EXERCISE AIM
Write the following entries out again exactly, skipping each image.

[Start of Attachment]

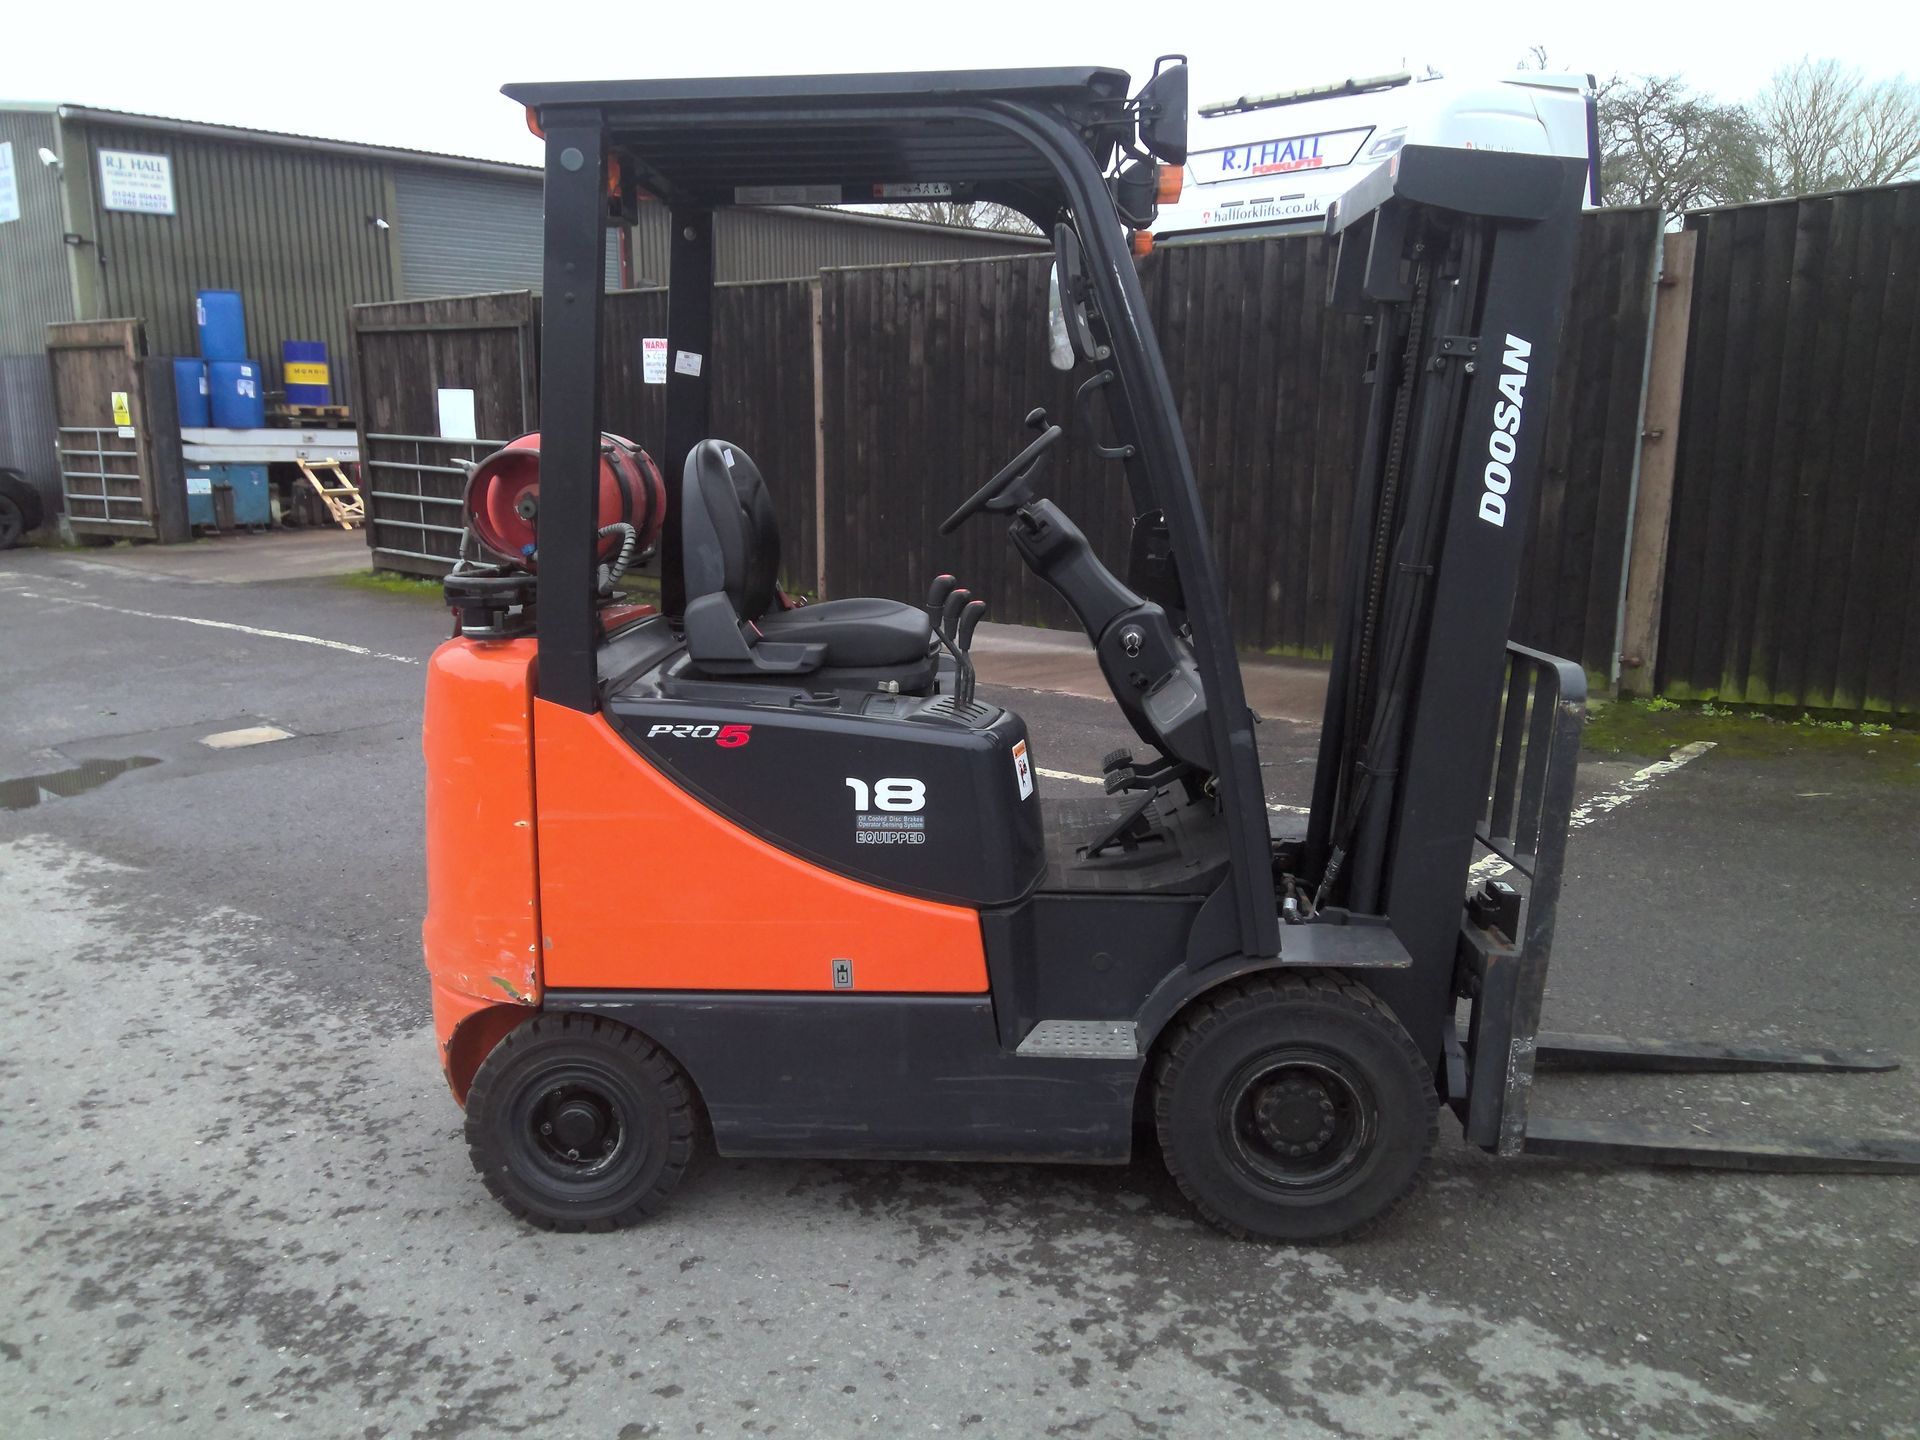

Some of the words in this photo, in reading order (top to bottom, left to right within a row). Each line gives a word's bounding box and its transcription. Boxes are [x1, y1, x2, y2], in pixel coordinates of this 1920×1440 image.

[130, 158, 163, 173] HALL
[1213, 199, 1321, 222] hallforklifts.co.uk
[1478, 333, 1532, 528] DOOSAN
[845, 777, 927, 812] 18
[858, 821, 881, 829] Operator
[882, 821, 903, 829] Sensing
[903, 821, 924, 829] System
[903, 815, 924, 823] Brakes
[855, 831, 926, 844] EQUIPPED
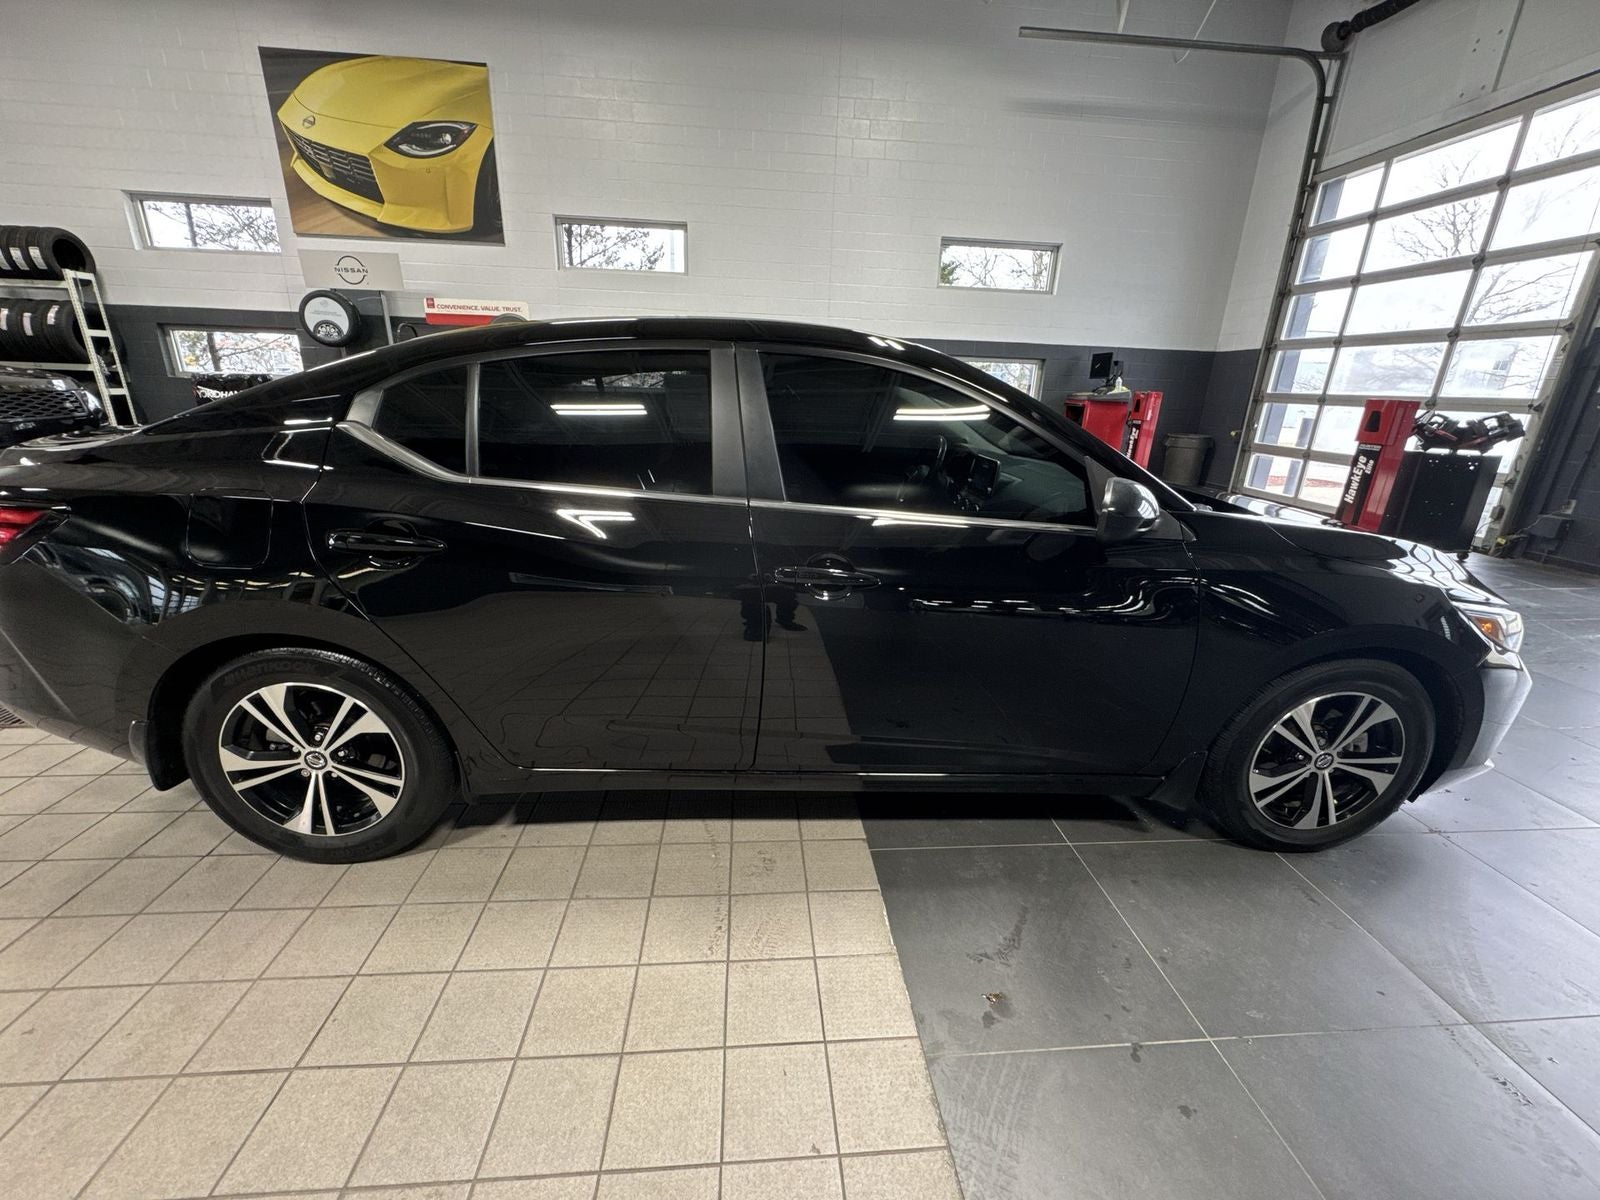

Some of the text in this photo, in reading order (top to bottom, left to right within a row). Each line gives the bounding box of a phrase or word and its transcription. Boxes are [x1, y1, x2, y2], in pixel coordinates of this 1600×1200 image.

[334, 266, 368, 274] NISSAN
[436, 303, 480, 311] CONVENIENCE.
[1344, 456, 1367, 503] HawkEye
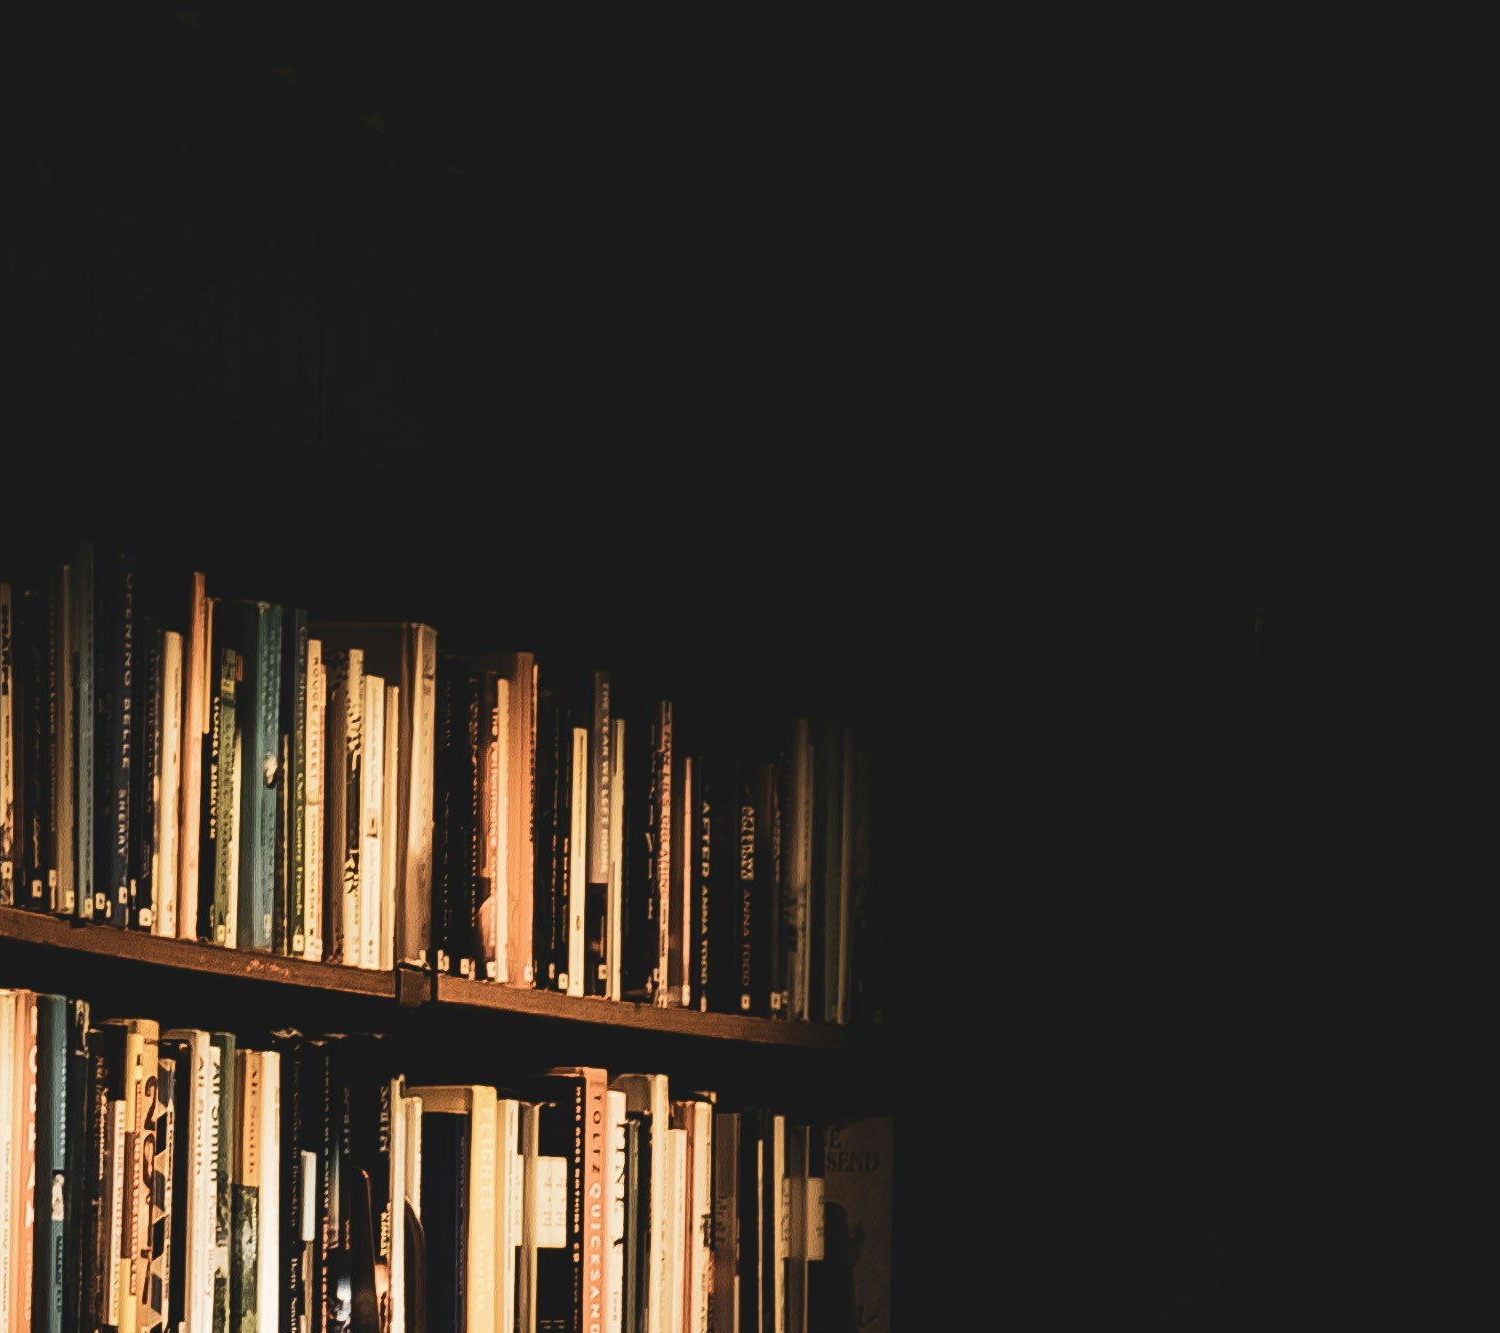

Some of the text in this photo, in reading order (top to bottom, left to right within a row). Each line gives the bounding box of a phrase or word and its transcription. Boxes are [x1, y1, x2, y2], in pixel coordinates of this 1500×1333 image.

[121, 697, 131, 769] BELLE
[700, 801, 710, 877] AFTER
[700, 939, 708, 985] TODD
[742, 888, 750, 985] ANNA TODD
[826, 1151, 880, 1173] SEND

[End of Attachment]

FINISHED TASK
Some of the words in this photo, in reading order (top to bottom, left to right within a row). Each line gives a word's bounding box and its transcription. Boxes are [x1, y1, x2, y2], in pixel coordinates of this 1920×1440 image.

[130, 158, 163, 173] HALL
[1213, 199, 1321, 222] hallforklifts.co.uk
[1478, 333, 1532, 528] DOOSAN
[845, 777, 927, 812] 18
[858, 821, 881, 829] Operator
[882, 821, 903, 829] Sensing
[903, 821, 924, 829] System
[903, 815, 924, 823] Brakes
[855, 831, 926, 844] EQUIPPED

Some of the text in this photo, in reading order (top to bottom, left to right within a row). Each line gives the bounding box of a phrase or word and its transcription. Boxes are [x1, y1, x2, y2], in pixel coordinates of this 1600×1200 image.

[334, 266, 368, 274] NISSAN
[436, 303, 480, 311] CONVENIENCE.
[1344, 456, 1367, 503] HawkEye

Some of the text in this photo, in reading order (top to bottom, left to right within a row). Each line gives the bounding box of a phrase or word and its transcription. Boxes are [x1, y1, x2, y2], in pixel coordinates of this 1500×1333 image.

[121, 697, 131, 769] BELLE
[700, 801, 710, 877] AFTER
[700, 939, 708, 985] TODD
[742, 888, 750, 985] ANNA TODD
[826, 1151, 880, 1173] SEND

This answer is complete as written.